Single by Rkomi

from the album Taxi Driver+
- Released: 2 February 2022
- Genre: Rap rock
- Length: 2:52
- Label: Universal Music Italy
- Songwriters: Mirko Martorana; Alessandro La Cava; Francesco Catitti;
- Producer: Katoo;

Rkomi singles chronology
| "La coda del diavolo" (2021) | "Insuperabile" (2022) | "5 gocce" (2022) |

Music video
- "Insuperabile" on YouTube

= Insuperabile =

"Insuperabile" is a song co-written and recorded by Italian rapper Rkomi.

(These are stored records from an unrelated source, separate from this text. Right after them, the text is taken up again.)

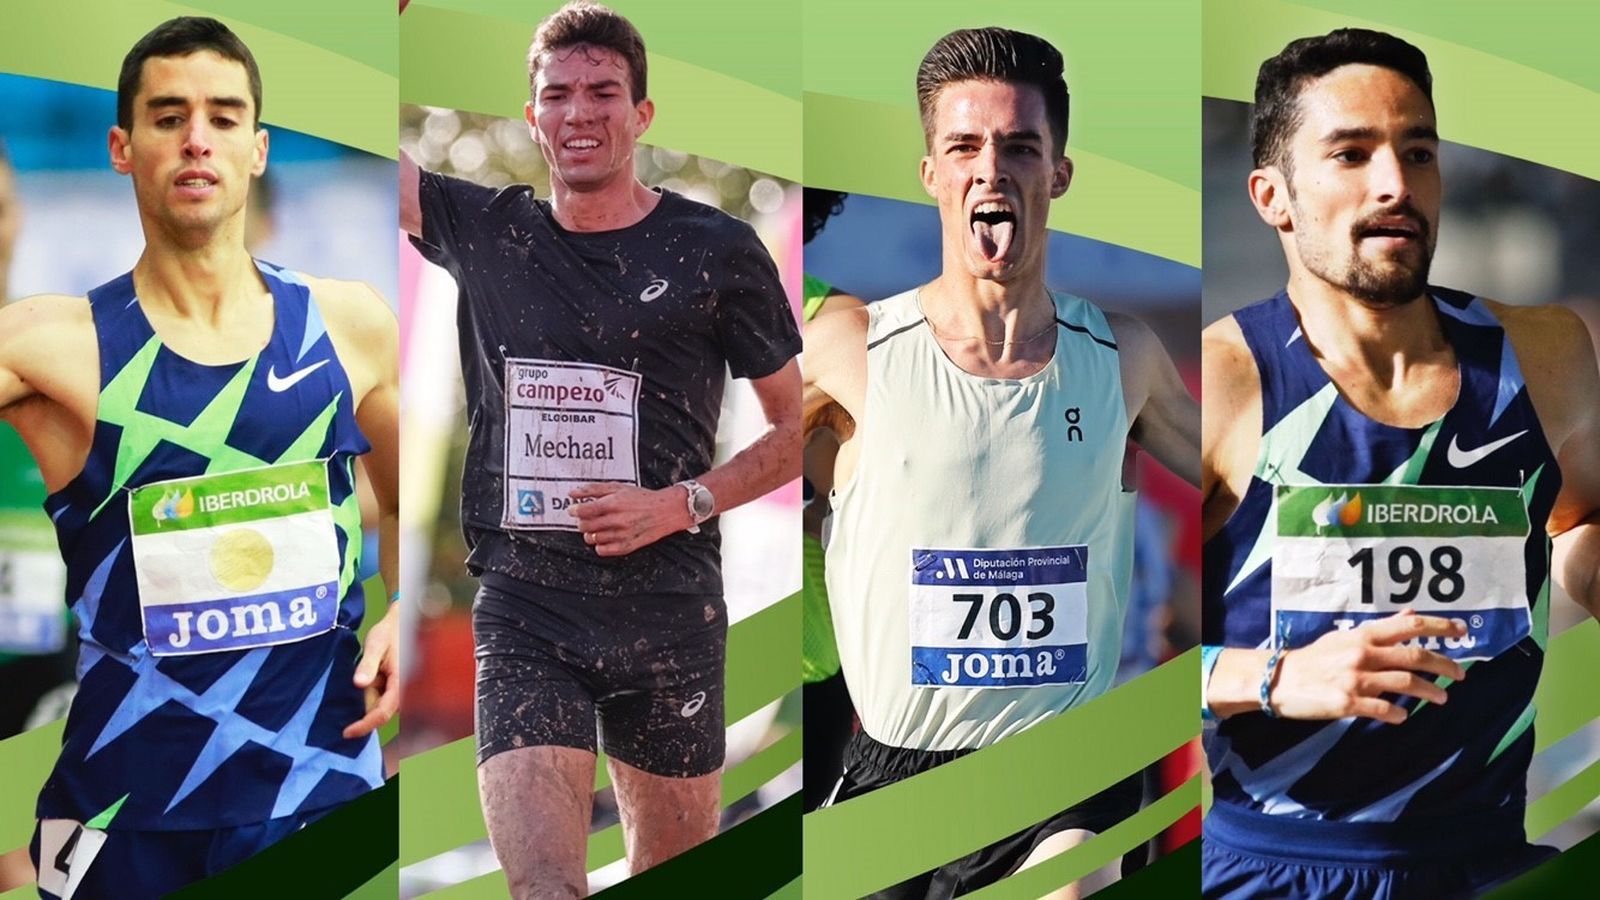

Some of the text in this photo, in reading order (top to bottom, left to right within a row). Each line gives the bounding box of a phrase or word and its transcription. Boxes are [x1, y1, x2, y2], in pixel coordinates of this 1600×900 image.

[517, 368, 548, 380] grupo
[541, 413, 596, 424] ELGOIBAR
[524, 433, 614, 460] Mechaal
[199, 481, 311, 513] IBERDROLA
[1367, 503, 1498, 525] IBERDROLA
[973, 555, 1070, 569] Diputación Provincial
[973, 570, 1024, 580] de Málaga
[1347, 545, 1465, 605] 198
[952, 592, 1056, 641] 703
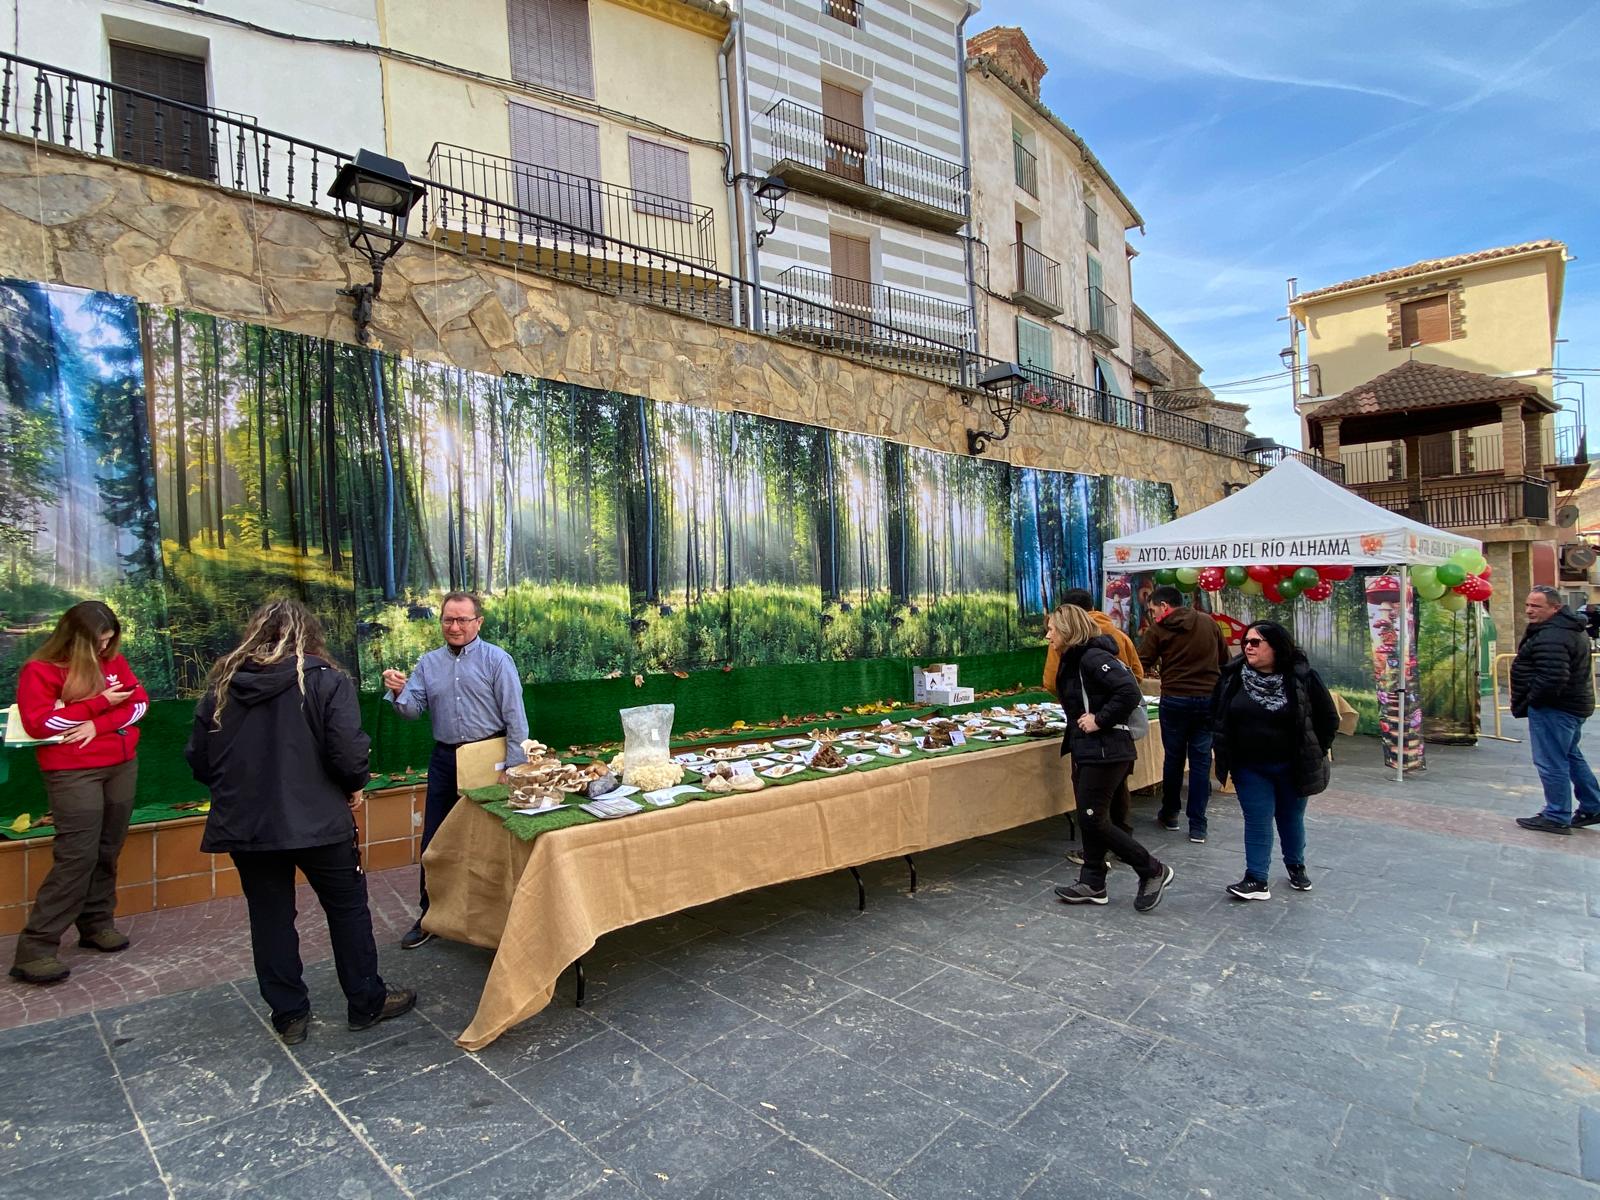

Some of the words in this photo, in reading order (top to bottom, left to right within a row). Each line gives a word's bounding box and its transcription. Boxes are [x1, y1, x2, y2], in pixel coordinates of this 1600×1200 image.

[1138, 546, 1170, 562] AYTO.
[1174, 544, 1227, 561] AGUILAR
[1232, 543, 1256, 559] DEL
[1261, 538, 1285, 558] RÍO
[1289, 538, 1351, 557] ALHAMA

It was released on 2 February 2022 through Universal Music Italy, as the second single from the reissue of his third studio album Taxi Driver.

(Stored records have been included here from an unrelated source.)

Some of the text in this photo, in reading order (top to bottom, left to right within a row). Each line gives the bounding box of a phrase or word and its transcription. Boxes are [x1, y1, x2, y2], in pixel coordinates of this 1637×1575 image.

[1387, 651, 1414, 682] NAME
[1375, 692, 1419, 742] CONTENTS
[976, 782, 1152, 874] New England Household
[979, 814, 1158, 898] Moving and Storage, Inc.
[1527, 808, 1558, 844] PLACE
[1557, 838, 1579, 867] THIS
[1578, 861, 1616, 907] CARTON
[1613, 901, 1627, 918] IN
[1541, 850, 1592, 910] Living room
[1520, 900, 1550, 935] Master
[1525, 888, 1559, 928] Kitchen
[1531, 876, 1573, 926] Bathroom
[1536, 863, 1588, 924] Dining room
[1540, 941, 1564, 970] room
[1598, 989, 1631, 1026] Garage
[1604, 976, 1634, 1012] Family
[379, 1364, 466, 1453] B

The song competed during the 72nd Sanremo Music Festival, Italy's musical festival which doubles also as a selection of the act for Eurovision Song Contest, where it placed 17th in the grand final.

== Critic reception ==
Andrea Laffranchi of il Corriere della Sera found in the rapper's artistic choice a search for "national-popular consensus," converting to music played and not rapped, arguing that the song "plays with rock stereotypes: a riff, foot-stomping drums, flames, and powerful engines." Andrea Conti of Il Fatto Quotidiano wrote that the single opens with "a sustained bass line that captivates from the first notes." Francesco Chignola of TV Sorrisi e Canzoni also reflected on the musical side, writing that it "starts off immediately with a powerful bass line, a fast beat, breaking down the boundaries between rap and rock, with an explosive orchestral finale," although he finds the lyrics a bit "full of automotive imagery."

== Music video ==
The music video for the song, directed by YouNuts!, was released on February 2, 2022, through the rapper's YouTube channel.

== Charts ==

===Weekly charts===

Chart performance for "Insuperabile"
| Chart (2022) | Peak position |
|---|---|
| Italy (FIMI) | 6 |
| Italy Airplay (EarOne) | 10 |

===Year-end charts===

Year-end chart performance for "Insuperabile"
| Chart (2022) | Position |
|---|---|
| Italy (FIMI) | 25 |

== Certifications ==

Certifications for "Insuperabile"
| Region | Certification | Certified units/sales |
| Italy (FIMI) | 3× Platinum | 300,000^{‡} |
^{‡} Sales+streaming figures based on certification alone.